Data excerpts Start Marker

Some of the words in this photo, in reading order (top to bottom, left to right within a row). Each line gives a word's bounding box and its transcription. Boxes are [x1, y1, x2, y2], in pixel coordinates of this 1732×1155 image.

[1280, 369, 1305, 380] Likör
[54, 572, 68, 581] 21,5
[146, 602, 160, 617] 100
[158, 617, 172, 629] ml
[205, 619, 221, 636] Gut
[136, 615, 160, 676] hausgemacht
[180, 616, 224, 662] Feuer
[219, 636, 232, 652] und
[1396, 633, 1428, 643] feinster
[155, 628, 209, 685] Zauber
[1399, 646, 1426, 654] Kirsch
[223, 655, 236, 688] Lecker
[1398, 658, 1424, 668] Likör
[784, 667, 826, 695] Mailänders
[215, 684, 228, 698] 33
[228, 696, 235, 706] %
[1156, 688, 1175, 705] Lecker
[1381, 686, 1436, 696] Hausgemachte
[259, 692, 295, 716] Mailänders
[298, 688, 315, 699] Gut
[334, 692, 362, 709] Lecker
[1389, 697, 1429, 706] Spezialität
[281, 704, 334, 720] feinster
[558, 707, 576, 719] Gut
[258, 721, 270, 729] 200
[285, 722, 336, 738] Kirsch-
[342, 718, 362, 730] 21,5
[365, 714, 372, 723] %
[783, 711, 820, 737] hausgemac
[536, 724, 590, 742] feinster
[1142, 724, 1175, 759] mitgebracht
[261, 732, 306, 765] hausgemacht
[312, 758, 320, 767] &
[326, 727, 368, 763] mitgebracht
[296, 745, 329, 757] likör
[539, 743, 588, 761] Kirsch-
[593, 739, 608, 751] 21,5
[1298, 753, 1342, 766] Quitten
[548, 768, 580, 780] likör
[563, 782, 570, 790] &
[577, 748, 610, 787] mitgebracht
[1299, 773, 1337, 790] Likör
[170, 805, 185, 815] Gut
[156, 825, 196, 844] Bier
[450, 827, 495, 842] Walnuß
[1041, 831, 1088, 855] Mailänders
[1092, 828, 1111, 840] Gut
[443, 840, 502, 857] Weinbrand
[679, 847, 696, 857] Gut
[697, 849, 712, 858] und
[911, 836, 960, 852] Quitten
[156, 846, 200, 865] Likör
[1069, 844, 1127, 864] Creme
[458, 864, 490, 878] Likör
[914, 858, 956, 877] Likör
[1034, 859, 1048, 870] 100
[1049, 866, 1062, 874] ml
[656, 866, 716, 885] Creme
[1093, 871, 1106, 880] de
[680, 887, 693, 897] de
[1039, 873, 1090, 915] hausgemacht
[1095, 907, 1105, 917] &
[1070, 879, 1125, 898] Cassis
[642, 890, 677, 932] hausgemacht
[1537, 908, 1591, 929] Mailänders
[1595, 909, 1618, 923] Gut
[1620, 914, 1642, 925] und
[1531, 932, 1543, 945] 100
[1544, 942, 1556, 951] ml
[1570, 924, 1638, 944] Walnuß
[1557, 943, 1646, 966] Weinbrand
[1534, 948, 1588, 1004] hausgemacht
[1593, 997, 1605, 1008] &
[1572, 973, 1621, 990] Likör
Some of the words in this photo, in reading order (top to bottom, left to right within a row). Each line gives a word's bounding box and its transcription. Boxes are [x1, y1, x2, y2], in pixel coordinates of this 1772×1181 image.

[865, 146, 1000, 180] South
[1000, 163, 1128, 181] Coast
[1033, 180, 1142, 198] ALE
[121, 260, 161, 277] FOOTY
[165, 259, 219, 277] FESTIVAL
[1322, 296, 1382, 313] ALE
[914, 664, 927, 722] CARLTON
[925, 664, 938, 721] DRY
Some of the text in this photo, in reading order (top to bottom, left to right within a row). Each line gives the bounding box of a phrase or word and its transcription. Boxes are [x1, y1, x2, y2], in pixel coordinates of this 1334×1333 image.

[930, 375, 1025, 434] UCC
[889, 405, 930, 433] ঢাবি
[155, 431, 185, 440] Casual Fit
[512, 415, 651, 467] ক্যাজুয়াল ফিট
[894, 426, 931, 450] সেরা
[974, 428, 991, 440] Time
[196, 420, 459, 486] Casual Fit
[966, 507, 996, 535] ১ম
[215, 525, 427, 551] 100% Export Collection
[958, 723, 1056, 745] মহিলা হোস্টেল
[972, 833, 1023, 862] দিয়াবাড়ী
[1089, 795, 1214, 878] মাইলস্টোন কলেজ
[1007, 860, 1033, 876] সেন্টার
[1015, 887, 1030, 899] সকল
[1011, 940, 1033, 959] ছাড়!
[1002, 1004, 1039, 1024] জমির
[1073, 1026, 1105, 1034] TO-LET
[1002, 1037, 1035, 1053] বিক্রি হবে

Data excerpts End Marker

§ Your instructions
Repeat the material above in full, quoting it exactly.

§ Solved exercise
Some of the words in this photo, in reading order (top to bottom, left to right within a row). Each line gives a word's bounding box and its transcription. Boxes are [x1, y1, x2, y2], in pixel coordinates of this 1732×1155 image.

[1280, 369, 1305, 380] Likör
[54, 572, 68, 581] 21,5
[146, 602, 160, 617] 100
[158, 617, 172, 629] ml
[205, 619, 221, 636] Gut
[136, 615, 160, 676] hausgemacht
[180, 616, 224, 662] Feuer
[219, 636, 232, 652] und
[1396, 633, 1428, 643] feinster
[155, 628, 209, 685] Zauber
[1399, 646, 1426, 654] Kirsch
[223, 655, 236, 688] Lecker
[1398, 658, 1424, 668] Likör
[784, 667, 826, 695] Mailänders
[215, 684, 228, 698] 33
[228, 696, 235, 706] %
[1156, 688, 1175, 705] Lecker
[1381, 686, 1436, 696] Hausgemachte
[259, 692, 295, 716] Mailänders
[298, 688, 315, 699] Gut
[334, 692, 362, 709] Lecker
[1389, 697, 1429, 706] Spezialität
[281, 704, 334, 720] feinster
[558, 707, 576, 719] Gut
[258, 721, 270, 729] 200
[285, 722, 336, 738] Kirsch-
[342, 718, 362, 730] 21,5
[365, 714, 372, 723] %
[783, 711, 820, 737] hausgemac
[536, 724, 590, 742] feinster
[1142, 724, 1175, 759] mitgebracht
[261, 732, 306, 765] hausgemacht
[312, 758, 320, 767] &
[326, 727, 368, 763] mitgebracht
[296, 745, 329, 757] likör
[539, 743, 588, 761] Kirsch-
[593, 739, 608, 751] 21,5
[1298, 753, 1342, 766] Quitten
[548, 768, 580, 780] likör
[563, 782, 570, 790] &
[577, 748, 610, 787] mitgebracht
[1299, 773, 1337, 790] Likör
[170, 805, 185, 815] Gut
[156, 825, 196, 844] Bier
[450, 827, 495, 842] Walnuß
[1041, 831, 1088, 855] Mailänders
[1092, 828, 1111, 840] Gut
[443, 840, 502, 857] Weinbrand
[679, 847, 696, 857] Gut
[697, 849, 712, 858] und
[911, 836, 960, 852] Quitten
[156, 846, 200, 865] Likör
[1069, 844, 1127, 864] Creme
[458, 864, 490, 878] Likör
[914, 858, 956, 877] Likör
[1034, 859, 1048, 870] 100
[1049, 866, 1062, 874] ml
[656, 866, 716, 885] Creme
[1093, 871, 1106, 880] de
[680, 887, 693, 897] de
[1039, 873, 1090, 915] hausgemacht
[1095, 907, 1105, 917] &
[1070, 879, 1125, 898] Cassis
[642, 890, 677, 932] hausgemacht
[1537, 908, 1591, 929] Mailänders
[1595, 909, 1618, 923] Gut
[1620, 914, 1642, 925] und
[1531, 932, 1543, 945] 100
[1544, 942, 1556, 951] ml
[1570, 924, 1638, 944] Walnuß
[1557, 943, 1646, 966] Weinbrand
[1534, 948, 1588, 1004] hausgemacht
[1593, 997, 1605, 1008] &
[1572, 973, 1621, 990] Likör
Some of the words in this photo, in reading order (top to bottom, left to right within a row). Each line gives a word's bounding box and its transcription. Boxes are [x1, y1, x2, y2], in pixel coordinates of this 1772×1181 image.

[865, 146, 1000, 180] South
[1000, 163, 1128, 181] Coast
[1033, 180, 1142, 198] ALE
[121, 260, 161, 277] FOOTY
[165, 259, 219, 277] FESTIVAL
[1322, 296, 1382, 313] ALE
[914, 664, 927, 722] CARLTON
[925, 664, 938, 721] DRY
Some of the text in this photo, in reading order (top to bottom, left to right within a row). Each line gives the bounding box of a phrase or word and its transcription. Boxes are [x1, y1, x2, y2], in pixel coordinates of this 1334×1333 image.

[930, 375, 1025, 434] UCC
[889, 405, 930, 433] ঢাবি
[155, 431, 185, 440] Casual Fit
[512, 415, 651, 467] ক্যাজুয়াল ফিট
[894, 426, 931, 450] সেরা
[974, 428, 991, 440] Time
[196, 420, 459, 486] Casual Fit
[966, 507, 996, 535] ১ম
[215, 525, 427, 551] 100% Export Collection
[958, 723, 1056, 745] মহিলা হোস্টেল
[972, 833, 1023, 862] দিয়াবাড়ী
[1089, 795, 1214, 878] মাইলস্টোন কলেজ
[1007, 860, 1033, 876] সেন্টার
[1015, 887, 1030, 899] সকল
[1011, 940, 1033, 959] ছাড়!
[1002, 1004, 1039, 1024] জমির
[1073, 1026, 1105, 1034] TO-LET
[1002, 1037, 1035, 1053] বিক্রি হবে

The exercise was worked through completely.